Bernstein concluded that Saudi Aramco had “missed an opportunity by not pricing the IPO at a level which would be attractive to institutional investors.”

“This could have allowed the stock to perform against other oil majors and would have made a follow-on offering in the future more attractive,” it continued.

Contacted by Fortune, Saudi Aramco did not immediately reply to a request for comment.

The part-privatization of Aramco, the “crown jewel” of the Saudi economy, is the centerpiece of Crown Prince Mohammed bin Salman’s “Vision 2030” programme, a grand plan to modernize the Saudi economy, reduce its reliance on oil and open the way for foreign investment.

But there has always been tension between the valuation the Saudi government placed on their prized asset and what Western investors were willing to pay.

In recent months it became clear that the $2 trillion price tag initially floated by the crown prince was too ambitious, and so the Saudi government abandoned efforts to market the world’s biggest oil producer outside the Gulf region. It then lowered its sights to $1.6 to $1.7 trillion.

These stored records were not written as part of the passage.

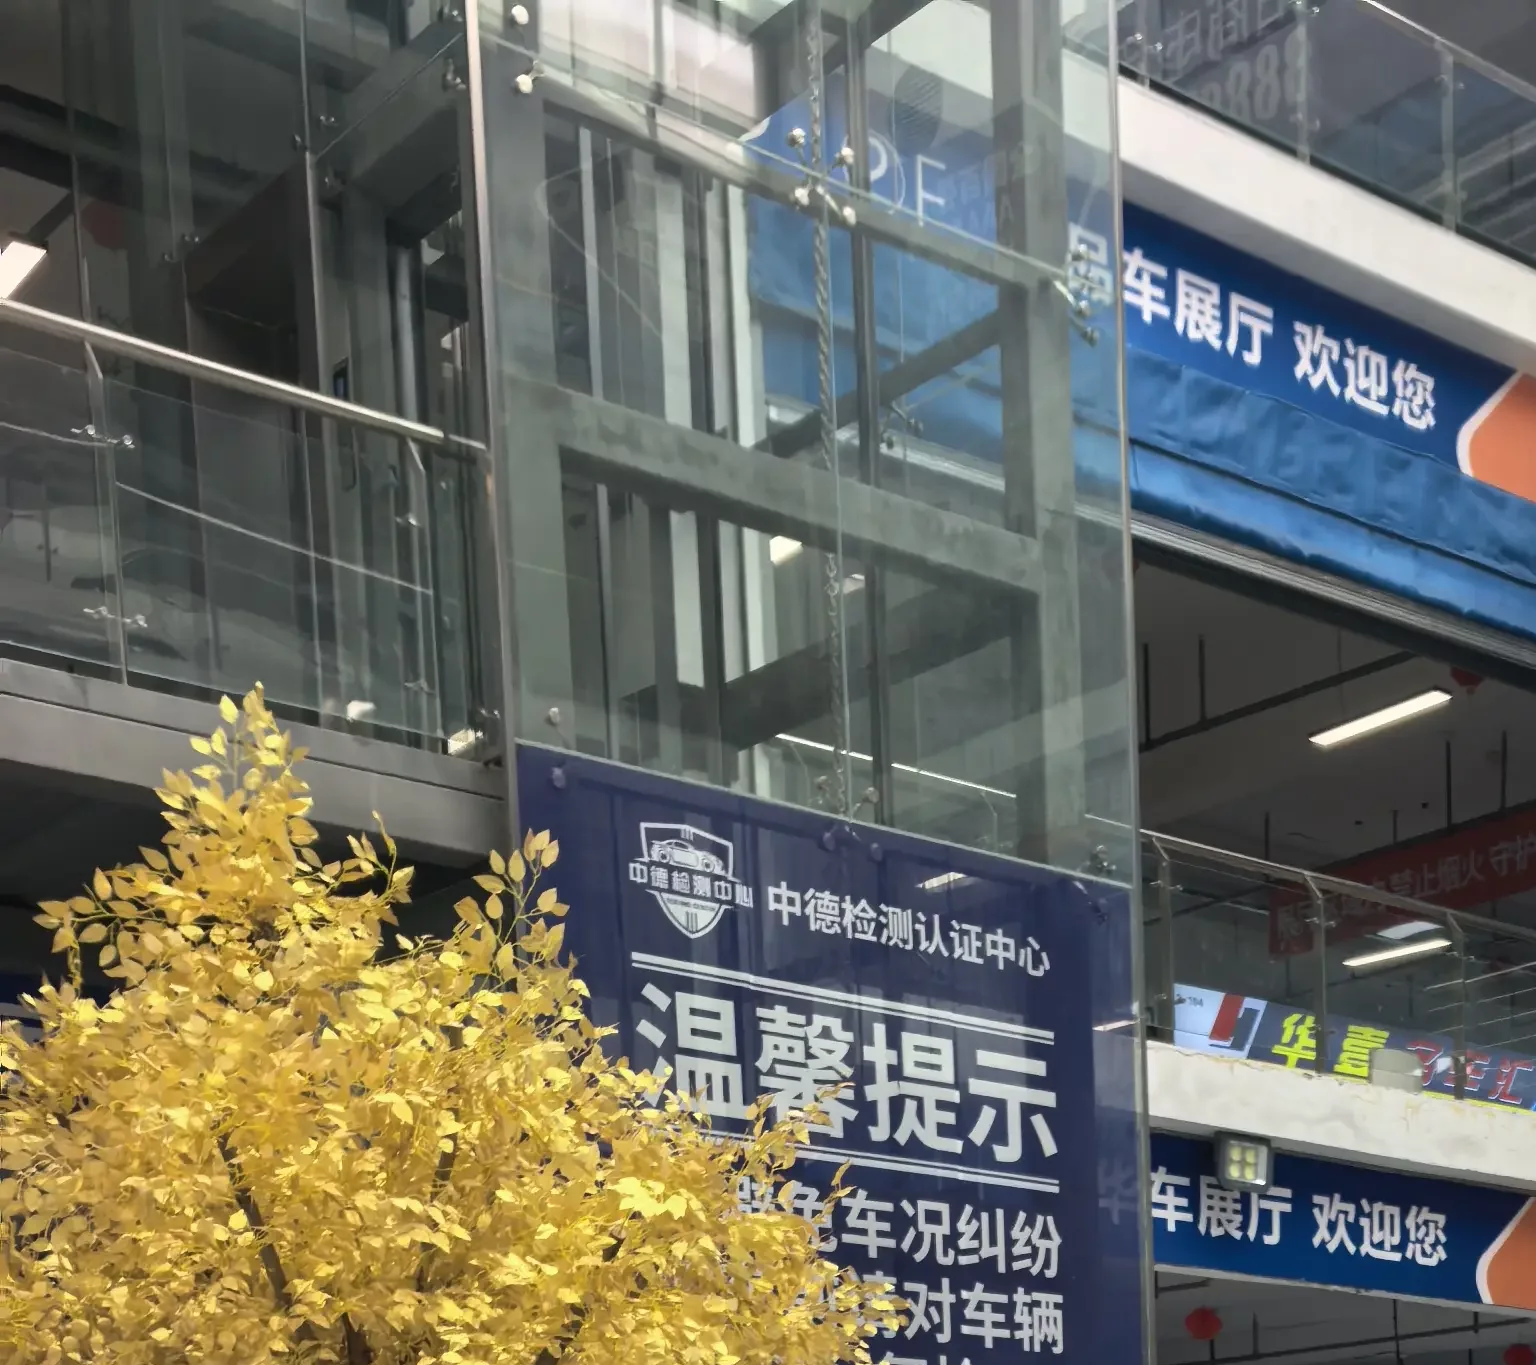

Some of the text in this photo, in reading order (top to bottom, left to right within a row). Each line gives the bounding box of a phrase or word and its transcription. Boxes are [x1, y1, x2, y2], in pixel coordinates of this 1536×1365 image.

[1292, 320, 1437, 431] 欢迎您
[628, 861, 754, 908] 中德检测中心
[768, 881, 1051, 978] 中德检测认证中心
[636, 982, 1059, 1163] 温馨提示
[1312, 1193, 1448, 1267] 欢迎您

It also decided to scale back the offering from an anticipated 5% free float of Aramco shares to just 1.5%, and to sell the shares on the Saudi stock exchange, shelving plans for an international offer—at least for now.

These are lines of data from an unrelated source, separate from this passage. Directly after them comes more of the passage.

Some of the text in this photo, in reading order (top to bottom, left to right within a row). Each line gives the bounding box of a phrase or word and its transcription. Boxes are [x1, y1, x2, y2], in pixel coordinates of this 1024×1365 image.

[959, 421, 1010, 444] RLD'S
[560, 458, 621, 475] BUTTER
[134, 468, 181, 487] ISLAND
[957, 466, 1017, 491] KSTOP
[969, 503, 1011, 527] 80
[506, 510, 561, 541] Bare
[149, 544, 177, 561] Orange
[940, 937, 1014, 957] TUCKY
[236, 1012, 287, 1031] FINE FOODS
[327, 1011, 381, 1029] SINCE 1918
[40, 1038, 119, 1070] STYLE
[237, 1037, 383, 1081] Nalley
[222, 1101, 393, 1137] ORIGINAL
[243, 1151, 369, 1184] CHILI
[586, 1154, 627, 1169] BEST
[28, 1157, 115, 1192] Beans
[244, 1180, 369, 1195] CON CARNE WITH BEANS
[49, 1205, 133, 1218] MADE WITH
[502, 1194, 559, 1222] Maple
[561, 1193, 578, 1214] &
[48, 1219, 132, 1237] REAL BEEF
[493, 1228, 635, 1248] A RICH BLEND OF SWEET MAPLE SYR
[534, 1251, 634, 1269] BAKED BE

Courting Saudi, Gulf investors

An intensive marketing campaign in Saudi Arabia has driven strong demand for the shares among Saudis and in the wider Gulf region. Institutional and individual investors have so far bid more than $44 billion, applying for 1.7 times the number of Aramco shares on offer, lead manager Samba Capital said on November 29. Only around 10% of the money bid by institutions so far has come from non-Saudi investors, according to news reports.

That means the IPO looks certain to set a new record, beating Alibaba’s $25 billion flotation in 2014.

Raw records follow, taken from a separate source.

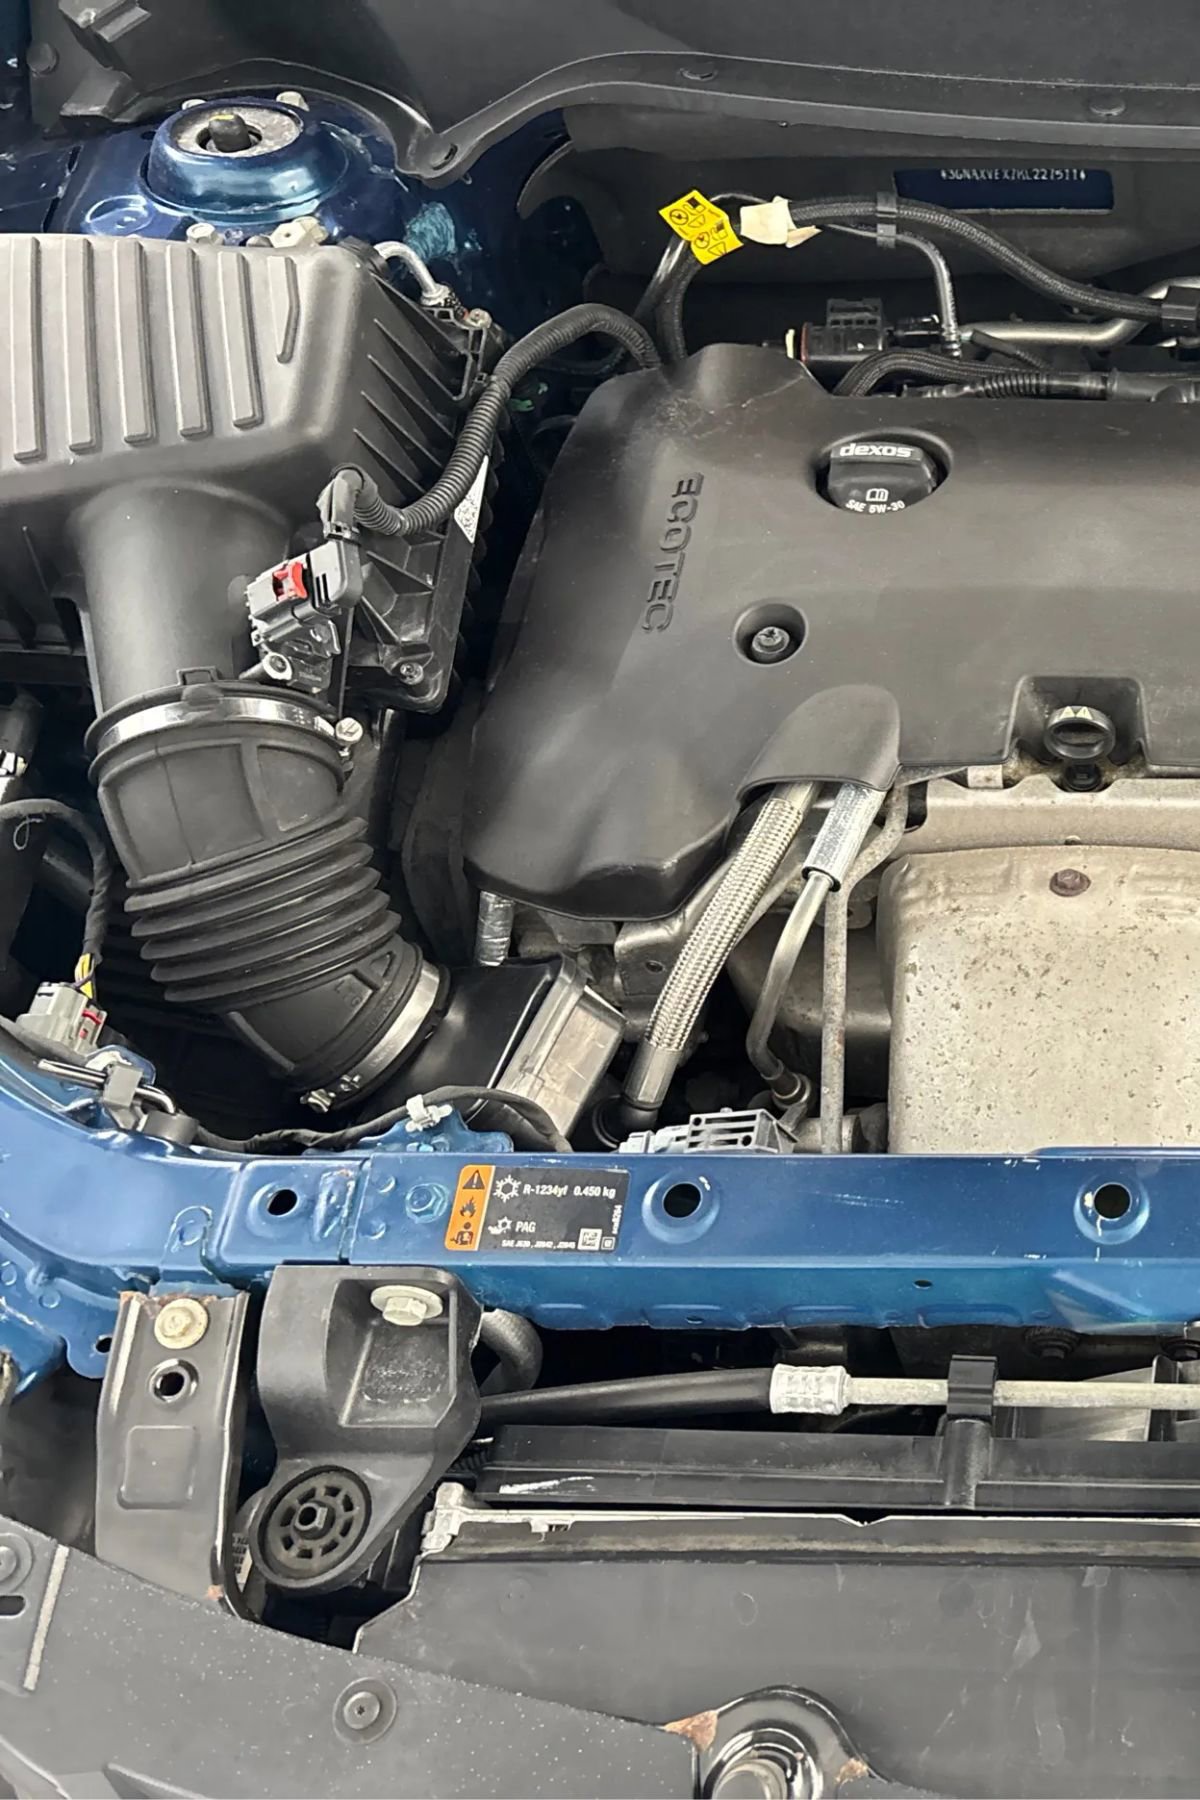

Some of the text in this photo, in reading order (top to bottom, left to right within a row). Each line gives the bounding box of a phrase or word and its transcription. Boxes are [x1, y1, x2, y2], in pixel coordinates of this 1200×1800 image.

[839, 443, 914, 458] dexos
[845, 500, 905, 513] SAE 5W-30
[642, 473, 704, 632] ECOTEC
[523, 1184, 616, 1199] R-1234yf 0.450 kg
[515, 1221, 536, 1233] PAG

Saudi Aramco pumps one in every eight barrels of oil produced globally and is sitting on at least 52 years of oil reserves, so its value is closely tied to the oil price, which has languished for five years.

The Wall Street Journal, quoting Persian Gulf officials, reported Sunday that Saudi Arabia will push for an extension of oil production cuts through mid-2020 at a producers’ summit this week in an effort to prop up oil prices, and, in turn, Saudi Aramco’s IPO share price.

The Bernstein poll found that the asset managers’ preferred approach to valuing Aramco’s shares was dividend yield. Saudi Aramco has pledged to pay a dividend of at least $75 billion a year for the next five years.

Based on the valuation the Saudi government is seeking of $1.6-$1.7 trillion, Aramco will trade on an initial yield of 4.5% which is significantly lower than most global oil majors, Bernstein said.

The asset managers surveyed however believe the company should pay a higher yield than Western oil majors.

Assuming the asset managers’ valuation of $1.26 trillion and a $60 per barrel oil price, Aramco would yield 6% compared to the 5.6% return yielded by international oil companies.

Given that Aramco’s 10-year bonds currently trade at a higher yield to bonds issued by Western oil majors, a valuation discount seems logical, Bernstein said.

Participants in the poll gave Aramco a score of 90% for financial strength and competitive advantages. Earnings quality and technological innovation received average scores of 70% and 63% respectively.

But growth prospects and corporate governance received low scores of 46% and 35% respectively which are likely the key reasons for the valuation discount to peers, Bernstein said.